### Exercise
Restate the records that follow word for word; no pictures should appear.

### Source data
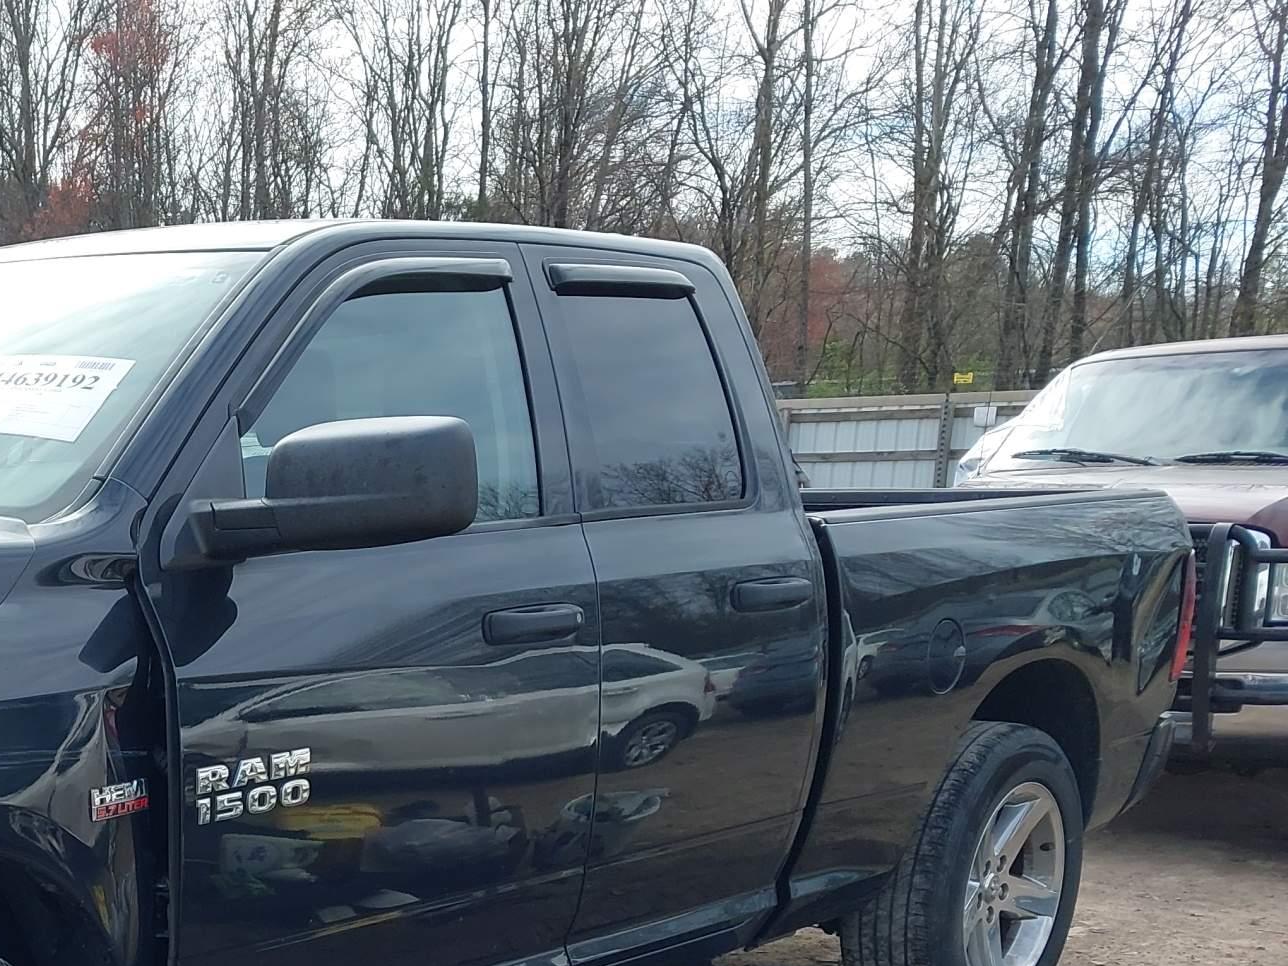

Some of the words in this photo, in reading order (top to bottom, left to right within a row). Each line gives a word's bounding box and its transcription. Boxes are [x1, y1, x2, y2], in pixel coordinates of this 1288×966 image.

[196, 748, 311, 795] RAM
[91, 778, 146, 806] HEMI
[97, 803, 117, 818] 5.7
[118, 796, 149, 814] LITER
[197, 778, 311, 825] 1500

### Reply to the exercise
Some of the words in this photo, in reading order (top to bottom, left to right within a row). Each line gives a word's bounding box and its transcription. Boxes are [x1, y1, x2, y2], in pixel coordinates of this 1288×966 image.

[196, 748, 311, 795] RAM
[91, 778, 146, 806] HEMI
[97, 803, 117, 818] 5.7
[118, 796, 149, 814] LITER
[197, 778, 311, 825] 1500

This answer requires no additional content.